*Work instructions*. Return each entry exactly, with none missing.

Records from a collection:
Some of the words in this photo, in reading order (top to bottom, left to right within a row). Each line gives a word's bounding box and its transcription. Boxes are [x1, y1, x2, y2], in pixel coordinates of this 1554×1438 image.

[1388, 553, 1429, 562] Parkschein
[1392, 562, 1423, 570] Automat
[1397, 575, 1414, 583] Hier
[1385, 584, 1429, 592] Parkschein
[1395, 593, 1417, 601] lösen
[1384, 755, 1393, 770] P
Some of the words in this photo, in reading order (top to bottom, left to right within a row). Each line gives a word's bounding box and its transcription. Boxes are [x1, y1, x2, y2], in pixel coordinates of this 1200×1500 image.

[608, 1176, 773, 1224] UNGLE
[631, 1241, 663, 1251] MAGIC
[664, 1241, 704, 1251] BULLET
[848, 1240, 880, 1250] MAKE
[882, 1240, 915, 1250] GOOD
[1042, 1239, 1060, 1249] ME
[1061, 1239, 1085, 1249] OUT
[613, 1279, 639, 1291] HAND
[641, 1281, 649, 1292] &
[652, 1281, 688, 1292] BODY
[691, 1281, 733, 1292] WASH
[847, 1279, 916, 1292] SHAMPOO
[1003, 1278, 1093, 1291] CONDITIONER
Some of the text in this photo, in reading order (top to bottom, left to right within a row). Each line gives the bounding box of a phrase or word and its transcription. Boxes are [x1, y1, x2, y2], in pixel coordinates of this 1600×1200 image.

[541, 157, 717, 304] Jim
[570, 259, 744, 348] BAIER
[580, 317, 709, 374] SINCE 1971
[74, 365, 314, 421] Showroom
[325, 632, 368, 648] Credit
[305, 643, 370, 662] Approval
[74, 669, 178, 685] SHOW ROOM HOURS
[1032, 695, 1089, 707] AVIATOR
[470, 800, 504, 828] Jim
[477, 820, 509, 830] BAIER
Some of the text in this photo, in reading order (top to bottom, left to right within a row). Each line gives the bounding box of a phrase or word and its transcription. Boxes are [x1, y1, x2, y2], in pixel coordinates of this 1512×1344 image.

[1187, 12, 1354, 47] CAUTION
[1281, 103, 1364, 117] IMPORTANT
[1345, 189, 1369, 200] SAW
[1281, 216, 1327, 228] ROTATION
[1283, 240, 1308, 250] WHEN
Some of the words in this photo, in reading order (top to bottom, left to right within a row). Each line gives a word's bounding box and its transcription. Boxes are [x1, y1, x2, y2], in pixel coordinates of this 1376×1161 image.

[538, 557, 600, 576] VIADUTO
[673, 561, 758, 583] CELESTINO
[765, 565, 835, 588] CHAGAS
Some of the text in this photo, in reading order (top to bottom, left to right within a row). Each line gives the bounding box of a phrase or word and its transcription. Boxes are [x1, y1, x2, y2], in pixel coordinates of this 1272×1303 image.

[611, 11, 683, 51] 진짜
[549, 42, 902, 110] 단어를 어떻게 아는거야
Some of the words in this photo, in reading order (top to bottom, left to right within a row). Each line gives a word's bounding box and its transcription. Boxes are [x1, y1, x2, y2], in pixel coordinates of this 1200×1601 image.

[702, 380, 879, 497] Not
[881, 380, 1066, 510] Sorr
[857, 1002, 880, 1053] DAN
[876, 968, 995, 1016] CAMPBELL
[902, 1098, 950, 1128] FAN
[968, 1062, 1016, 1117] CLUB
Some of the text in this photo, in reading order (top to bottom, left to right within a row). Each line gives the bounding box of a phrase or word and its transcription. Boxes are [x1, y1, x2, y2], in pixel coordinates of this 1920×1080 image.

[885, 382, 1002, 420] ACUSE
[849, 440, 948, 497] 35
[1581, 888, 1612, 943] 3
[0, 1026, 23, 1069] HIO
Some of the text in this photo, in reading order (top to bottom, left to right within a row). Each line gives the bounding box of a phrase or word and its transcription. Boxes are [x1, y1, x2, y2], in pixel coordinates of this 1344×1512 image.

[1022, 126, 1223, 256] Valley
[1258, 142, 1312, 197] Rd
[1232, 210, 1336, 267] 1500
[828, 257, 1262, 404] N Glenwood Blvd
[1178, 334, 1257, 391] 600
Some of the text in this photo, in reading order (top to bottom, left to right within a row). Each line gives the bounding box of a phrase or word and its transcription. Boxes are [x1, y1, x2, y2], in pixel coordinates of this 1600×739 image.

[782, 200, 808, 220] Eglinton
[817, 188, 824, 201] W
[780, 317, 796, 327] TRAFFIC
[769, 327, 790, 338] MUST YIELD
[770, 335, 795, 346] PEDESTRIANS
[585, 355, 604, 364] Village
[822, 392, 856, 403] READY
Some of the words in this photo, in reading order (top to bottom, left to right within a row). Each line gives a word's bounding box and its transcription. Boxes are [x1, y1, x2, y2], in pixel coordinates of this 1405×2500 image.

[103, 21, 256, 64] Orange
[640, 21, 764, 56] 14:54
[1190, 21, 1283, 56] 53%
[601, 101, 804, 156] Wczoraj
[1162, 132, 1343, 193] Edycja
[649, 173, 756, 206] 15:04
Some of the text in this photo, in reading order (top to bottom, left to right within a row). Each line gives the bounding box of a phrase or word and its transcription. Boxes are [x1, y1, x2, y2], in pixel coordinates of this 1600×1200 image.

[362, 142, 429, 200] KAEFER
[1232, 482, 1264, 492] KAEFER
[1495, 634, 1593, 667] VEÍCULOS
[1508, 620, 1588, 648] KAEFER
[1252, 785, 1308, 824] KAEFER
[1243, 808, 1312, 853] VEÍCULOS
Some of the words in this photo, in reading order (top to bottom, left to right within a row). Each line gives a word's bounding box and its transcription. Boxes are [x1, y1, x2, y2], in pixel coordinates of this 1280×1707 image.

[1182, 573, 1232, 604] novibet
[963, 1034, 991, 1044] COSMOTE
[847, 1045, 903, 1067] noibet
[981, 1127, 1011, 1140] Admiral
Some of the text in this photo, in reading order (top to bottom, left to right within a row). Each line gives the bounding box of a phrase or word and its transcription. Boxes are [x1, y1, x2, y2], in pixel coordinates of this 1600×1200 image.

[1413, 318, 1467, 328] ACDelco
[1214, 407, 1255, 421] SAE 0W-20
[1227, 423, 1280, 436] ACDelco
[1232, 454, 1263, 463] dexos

*Exercise result*.
Some of the words in this photo, in reading order (top to bottom, left to right within a row). Each line gives a word's bounding box and its transcription. Boxes are [x1, y1, x2, y2], in pixel coordinates of this 1554×1438 image.

[1388, 553, 1429, 562] Parkschein
[1392, 562, 1423, 570] Automat
[1397, 575, 1414, 583] Hier
[1385, 584, 1429, 592] Parkschein
[1395, 593, 1417, 601] lösen
[1384, 755, 1393, 770] P
Some of the words in this photo, in reading order (top to bottom, left to right within a row). Each line gives a word's bounding box and its transcription. Boxes are [x1, y1, x2, y2], in pixel coordinates of this 1200×1500 image.

[608, 1176, 773, 1224] UNGLE
[631, 1241, 663, 1251] MAGIC
[664, 1241, 704, 1251] BULLET
[848, 1240, 880, 1250] MAKE
[882, 1240, 915, 1250] GOOD
[1042, 1239, 1060, 1249] ME
[1061, 1239, 1085, 1249] OUT
[613, 1279, 639, 1291] HAND
[641, 1281, 649, 1292] &
[652, 1281, 688, 1292] BODY
[691, 1281, 733, 1292] WASH
[847, 1279, 916, 1292] SHAMPOO
[1003, 1278, 1093, 1291] CONDITIONER
Some of the text in this photo, in reading order (top to bottom, left to right within a row). Each line gives the bounding box of a phrase or word and its transcription. Boxes are [x1, y1, x2, y2], in pixel coordinates of this 1600×1200 image.

[541, 157, 717, 304] Jim
[570, 259, 744, 348] BAIER
[580, 317, 709, 374] SINCE 1971
[74, 365, 314, 421] Showroom
[325, 632, 368, 648] Credit
[305, 643, 370, 662] Approval
[74, 669, 178, 685] SHOW ROOM HOURS
[1032, 695, 1089, 707] AVIATOR
[470, 800, 504, 828] Jim
[477, 820, 509, 830] BAIER
Some of the text in this photo, in reading order (top to bottom, left to right within a row). Each line gives the bounding box of a phrase or word and its transcription. Boxes are [x1, y1, x2, y2], in pixel coordinates of this 1512×1344 image.

[1187, 12, 1354, 47] CAUTION
[1281, 103, 1364, 117] IMPORTANT
[1345, 189, 1369, 200] SAW
[1281, 216, 1327, 228] ROTATION
[1283, 240, 1308, 250] WHEN
Some of the words in this photo, in reading order (top to bottom, left to right within a row). Each line gives a word's bounding box and its transcription. Boxes are [x1, y1, x2, y2], in pixel coordinates of this 1376×1161 image.

[538, 557, 600, 576] VIADUTO
[673, 561, 758, 583] CELESTINO
[765, 565, 835, 588] CHAGAS
Some of the text in this photo, in reading order (top to bottom, left to right within a row). Each line gives the bounding box of a phrase or word and its transcription. Boxes are [x1, y1, x2, y2], in pixel coordinates of this 1272×1303 image.

[611, 11, 683, 51] 진짜
[549, 42, 902, 110] 단어를 어떻게 아는거야
Some of the words in this photo, in reading order (top to bottom, left to right within a row). Each line gives a word's bounding box and its transcription. Boxes are [x1, y1, x2, y2], in pixel coordinates of this 1200×1601 image.

[702, 380, 879, 497] Not
[881, 380, 1066, 510] Sorr
[857, 1002, 880, 1053] DAN
[876, 968, 995, 1016] CAMPBELL
[902, 1098, 950, 1128] FAN
[968, 1062, 1016, 1117] CLUB
Some of the text in this photo, in reading order (top to bottom, left to right within a row). Each line gives the bounding box of a phrase or word and its transcription. Boxes are [x1, y1, x2, y2], in pixel coordinates of this 1920×1080 image.

[885, 382, 1002, 420] ACUSE
[849, 440, 948, 497] 35
[1581, 888, 1612, 943] 3
[0, 1026, 23, 1069] HIO
Some of the text in this photo, in reading order (top to bottom, left to right within a row). Each line gives the bounding box of a phrase or word and its transcription. Boxes are [x1, y1, x2, y2], in pixel coordinates of this 1344×1512 image.

[1022, 126, 1223, 256] Valley
[1258, 142, 1312, 197] Rd
[1232, 210, 1336, 267] 1500
[828, 257, 1262, 404] N Glenwood Blvd
[1178, 334, 1257, 391] 600
Some of the text in this photo, in reading order (top to bottom, left to right within a row). Each line gives the bounding box of a phrase or word and its transcription. Boxes are [x1, y1, x2, y2], in pixel coordinates of this 1600×739 image.

[782, 200, 808, 220] Eglinton
[817, 188, 824, 201] W
[780, 317, 796, 327] TRAFFIC
[769, 327, 790, 338] MUST YIELD
[770, 335, 795, 346] PEDESTRIANS
[585, 355, 604, 364] Village
[822, 392, 856, 403] READY
Some of the words in this photo, in reading order (top to bottom, left to right within a row). Each line gives a word's bounding box and its transcription. Boxes are [x1, y1, x2, y2], in pixel coordinates of this 1405×2500 image.

[103, 21, 256, 64] Orange
[640, 21, 764, 56] 14:54
[1190, 21, 1283, 56] 53%
[601, 101, 804, 156] Wczoraj
[1162, 132, 1343, 193] Edycja
[649, 173, 756, 206] 15:04
Some of the text in this photo, in reading order (top to bottom, left to right within a row). Each line gives the bounding box of a phrase or word and its transcription. Boxes are [x1, y1, x2, y2], in pixel coordinates of this 1600×1200 image.

[362, 142, 429, 200] KAEFER
[1232, 482, 1264, 492] KAEFER
[1495, 634, 1593, 667] VEÍCULOS
[1508, 620, 1588, 648] KAEFER
[1252, 785, 1308, 824] KAEFER
[1243, 808, 1312, 853] VEÍCULOS
Some of the words in this photo, in reading order (top to bottom, left to right within a row). Each line gives a word's bounding box and its transcription. Boxes are [x1, y1, x2, y2], in pixel coordinates of this 1280×1707 image.

[1182, 573, 1232, 604] novibet
[963, 1034, 991, 1044] COSMOTE
[847, 1045, 903, 1067] noibet
[981, 1127, 1011, 1140] Admiral
Some of the text in this photo, in reading order (top to bottom, left to right within a row). Each line gives the bounding box of a phrase or word and its transcription. Boxes are [x1, y1, x2, y2], in pixel coordinates of this 1600×1200 image.

[1413, 318, 1467, 328] ACDelco
[1214, 407, 1255, 421] SAE 0W-20
[1227, 423, 1280, 436] ACDelco
[1232, 454, 1263, 463] dexos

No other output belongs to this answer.